It was a dark and dreary morning, very similar to those that are described via immense detail in horror literature. But, rather than nightmares that day, an almost 5 month long dream came true. After a very long, very anticipation filled wait, my personal pre ordered Farley 9.6 carbon Fat Bike arrived boxed and screaming to be built.
As the storms continued into the evening, I grabbed my chance like a bull by the horns and with the help of my numero uno assistant, Ziva the Trail Dog, I assembled her up that same night. After the assembly process was complete, I had to take a step back and stare. A thing of beauty.
Ok, enough creative writing for one post. Down to the nitty-gritty.

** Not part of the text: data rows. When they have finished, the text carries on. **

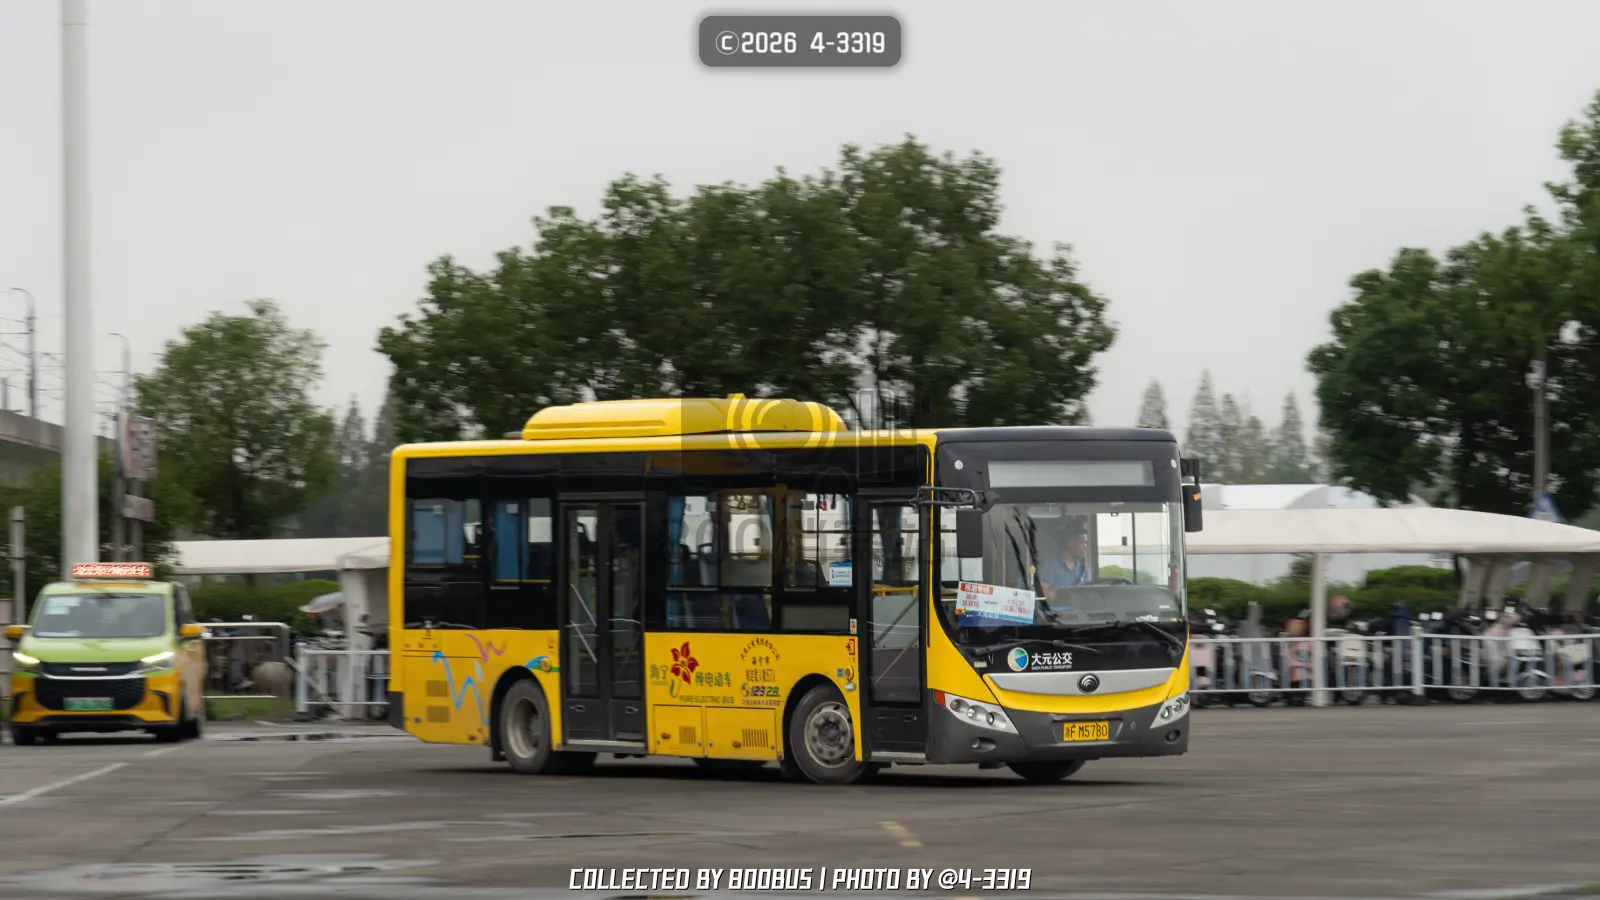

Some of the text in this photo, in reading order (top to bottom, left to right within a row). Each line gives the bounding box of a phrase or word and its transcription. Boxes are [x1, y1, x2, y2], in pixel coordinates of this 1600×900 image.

[1031, 652, 1072, 665] 大元公交
[695, 672, 732, 687] 纯电动车
[695, 695, 720, 703] ELECTRIC
[722, 696, 735, 704] BUS
[1078, 724, 1108, 738] M5780

The Farley 9.6 is a Fat Bike tricked out with a full carbon frame, carbon fork, 1×11 drivetrain, hydraulic brakes, and tubeless rims and comes in at a $3000 retail price point. For a complete run of every little detail, follow this little link -> HERE. One really unique (one of my favorite) feature of the 9.6 (& 9.8) Farleys’ are that they come stock with a 27.5″ x 4″ wheel/tire combo. This makes the outer diameter of the tire the same same as a 26″ x 5″ tire as well as a 29″ x 3″ tire. Effectively making a larger wheel to roll faster and clear obstacles with ease.

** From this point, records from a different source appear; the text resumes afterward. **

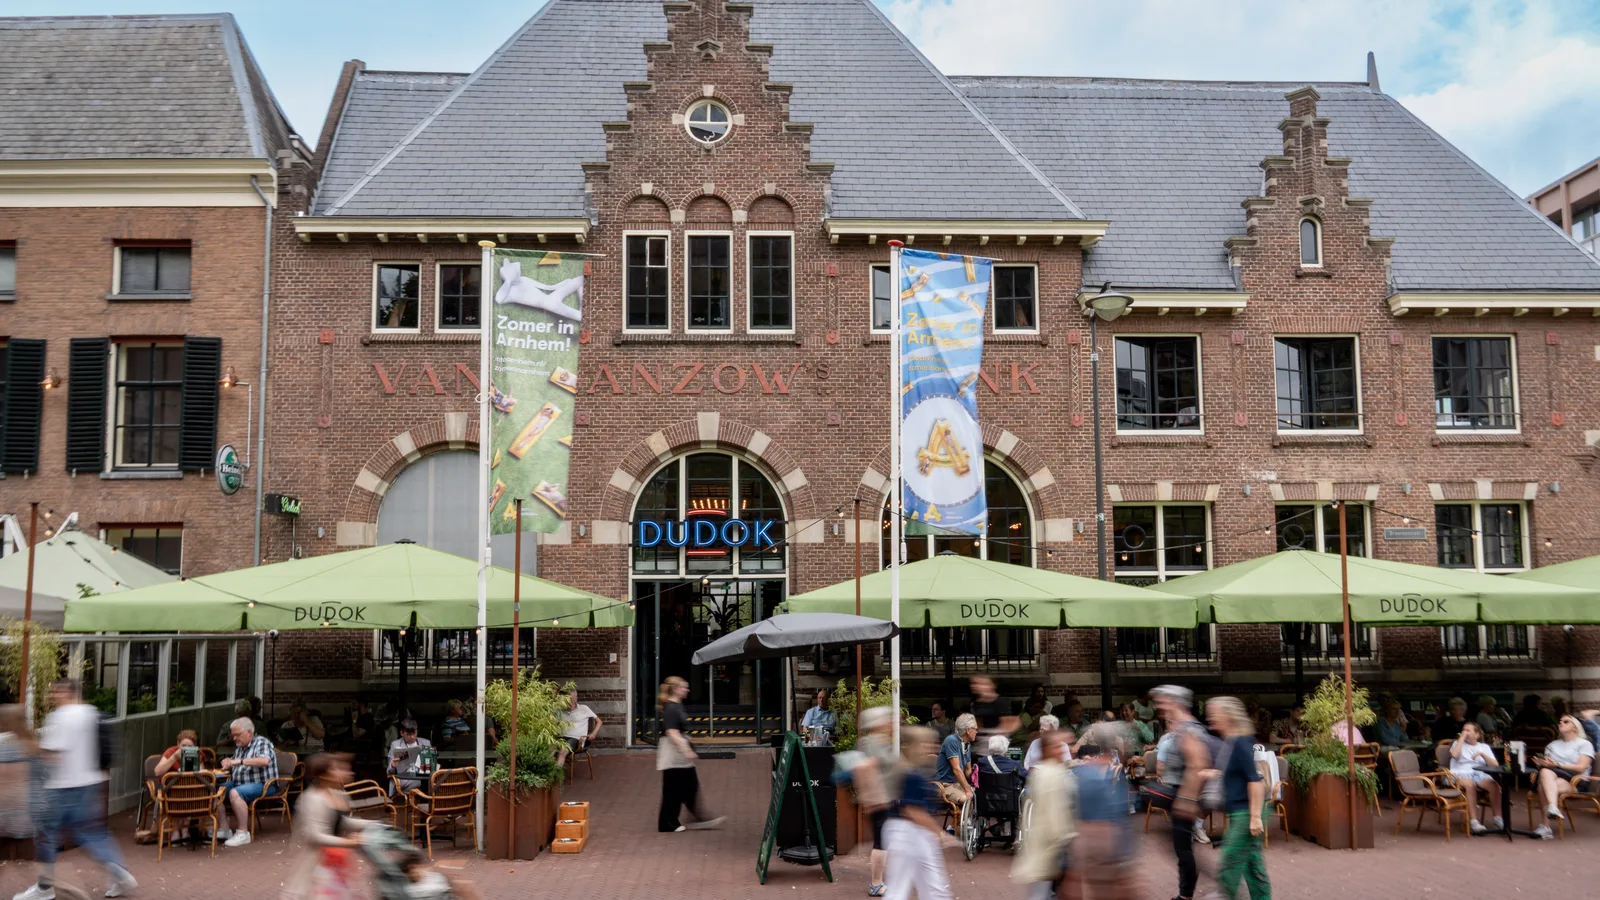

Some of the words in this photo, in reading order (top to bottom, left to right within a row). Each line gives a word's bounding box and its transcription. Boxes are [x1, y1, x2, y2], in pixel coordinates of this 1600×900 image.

[497, 315, 554, 333] Zomer
[558, 320, 575, 335] in
[496, 334, 571, 352] Arnhem!
[639, 519, 776, 548] DUDOK
[294, 605, 366, 622] DUDOK
[960, 603, 1030, 620] DUDOK
[1379, 598, 1448, 615] DUDOK
[792, 779, 820, 787] DUOK

For being a relatively high end, somewhat specialized piece, the 9.6 is actually pretty straightforward to assemble. The biggest challenge is in fitting the wheels in a truing stand. An adapted Park Tool stand does the job, but the 190mm rear hub paired with 27.5″ rims pushes even that to its limits. I’ll hit some of the main highlights that stuck out to me below.
Drivetrain | The one thing I will admit about this bike was that I was slightly apprehensive of the new SRAM GX1 drivetrain that comes stock on the 9.6. Being their new “price point” 1×11 system I didn’t really know to expect. Luckily, I was and have been very pleasantly surprised. The setup was easy and without hassle and really seems to work great.
Brakes | The Avid DB3 hydraulic system is a pretty no nonsense brakeset. Set up is easy and they really provide a substantial amount of braking power. They are placed in a whole new solar system compared to some of SRAM’s less than desirable past brakesets (*cough* *cough* Elixers *Cough* *Cough*). In all seriousness though, I’ve been happy with the DB3s. Generally I’m a Shimano XT kinda guy, but given that I have no qualms with the Avids, I don’t find it necessary or worthwhile to switch them out.
Tires | The 27.5″ x 3.8″ 60 tpi Hodag is really a great all around tire. The tread pattern has enough substance to provide good traction in the loose stuff while still staying relatively quick rolling. The idea of 27.5″ x 3.8″ is a totally new concept for the industry, so, tire options are currently very limited. Like the hodag. That’s it for right now. The good news is that Trek, as well as a number of other companies are already in the process of making new molds for a wide selection of tread patterns in this new size. As I mentioned before, the Hodag is a really good all around tire, so no huge worries there. When I have the option next spring, I will probably go with a less aggressive, faster rolling tire. Just a personal preference due to the way I use the bike (I also have a Surly Moonlander setup with Surly Bud & Lou tires for when the conditions get really hot (freezing cold) and heavy).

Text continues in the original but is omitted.